PROBLEM >>
Would you transcribe the listing that follows, character for character, and omit its images?

***** SUPPLIED RECORDS

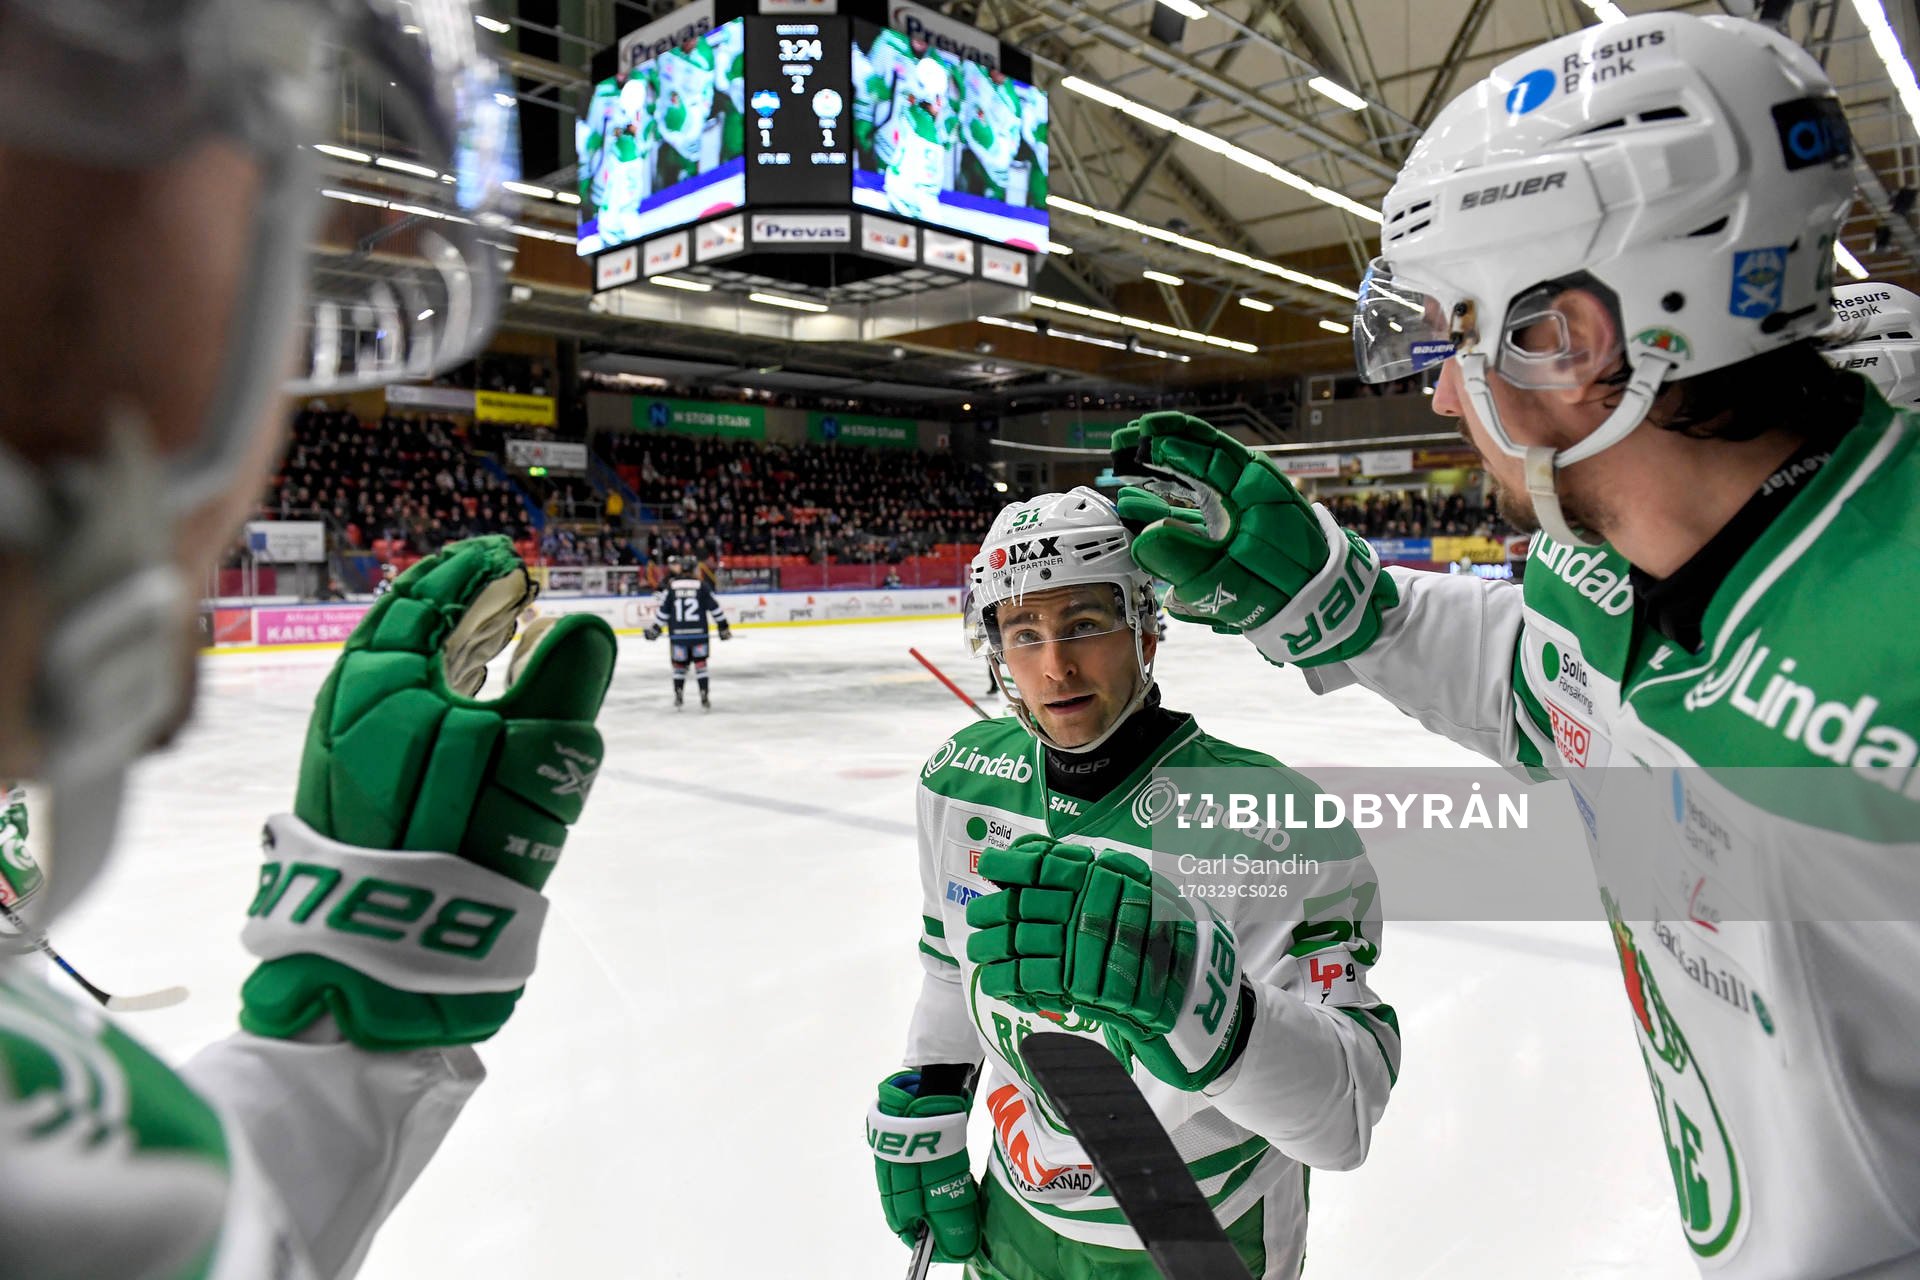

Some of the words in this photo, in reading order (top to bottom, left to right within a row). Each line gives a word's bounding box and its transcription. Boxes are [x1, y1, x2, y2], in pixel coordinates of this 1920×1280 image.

[778, 39, 823, 61] 3:24
[791, 75, 805, 94] 2
[1563, 57, 1636, 95] Bnk
[822, 129, 835, 147] 1
[1458, 171, 1568, 211] BAUER
[766, 224, 847, 241] Prevas
[1832, 291, 1891, 311] Resurs
[1838, 304, 1882, 322] Bank
[992, 570, 1007, 579] DIN
[1009, 556, 1064, 574] IT-PARTNER
[1536, 531, 1634, 616] Lindab
[673, 597, 700, 622] 12
[1729, 645, 1920, 803] Linda
[951, 746, 1033, 784] Lindab
[1049, 796, 1081, 817] SHL
[989, 820, 1012, 840] Solid
[930, 1173, 972, 1197] NEXUS
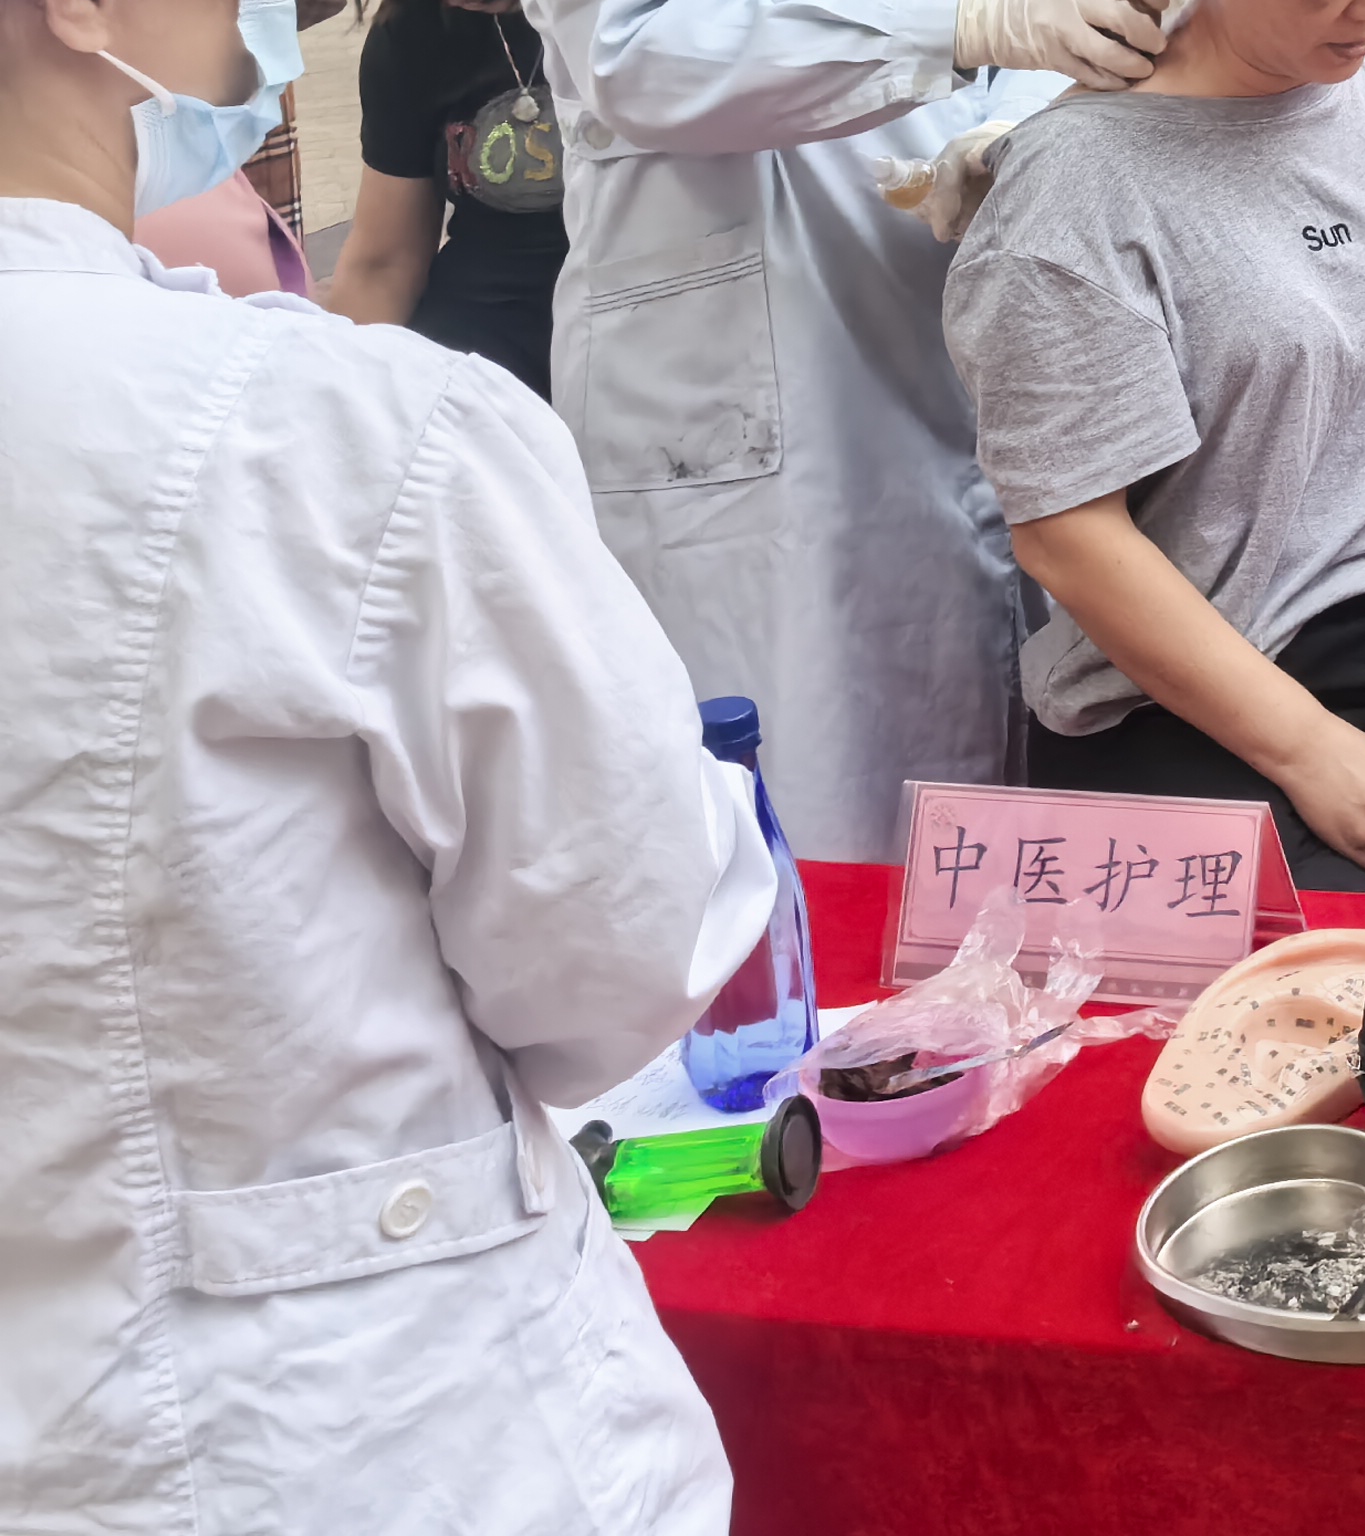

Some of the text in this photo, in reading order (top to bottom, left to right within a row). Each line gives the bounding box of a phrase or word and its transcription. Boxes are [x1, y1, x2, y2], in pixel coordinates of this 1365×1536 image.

[1302, 222, 1352, 252] Sun
[932, 825, 1243, 919] 中医护理

**********

WRITTEN RESPONSE >>
Some of the words in this photo, in reading order (top to bottom, left to right within a row). Each line gives a word's bounding box and its transcription. Boxes are [x1, y1, x2, y2], in pixel coordinates of this 1920×1280 image.

[778, 39, 823, 61] 3:24
[791, 75, 805, 94] 2
[1563, 57, 1636, 95] Bnk
[822, 129, 835, 147] 1
[1458, 171, 1568, 211] BAUER
[766, 224, 847, 241] Prevas
[1832, 291, 1891, 311] Resurs
[1838, 304, 1882, 322] Bank
[992, 570, 1007, 579] DIN
[1009, 556, 1064, 574] IT-PARTNER
[1536, 531, 1634, 616] Lindab
[673, 597, 700, 622] 12
[1729, 645, 1920, 803] Linda
[951, 746, 1033, 784] Lindab
[1049, 796, 1081, 817] SHL
[989, 820, 1012, 840] Solid
[930, 1173, 972, 1197] NEXUS

Some of the text in this photo, in reading order (top to bottom, left to right within a row). Each line gives the bounding box of a phrase or word and its transcription. Boxes are [x1, y1, x2, y2], in pixel coordinates of this 1365×1536 image.

[1302, 222, 1352, 252] Sun
[932, 825, 1243, 919] 中医护理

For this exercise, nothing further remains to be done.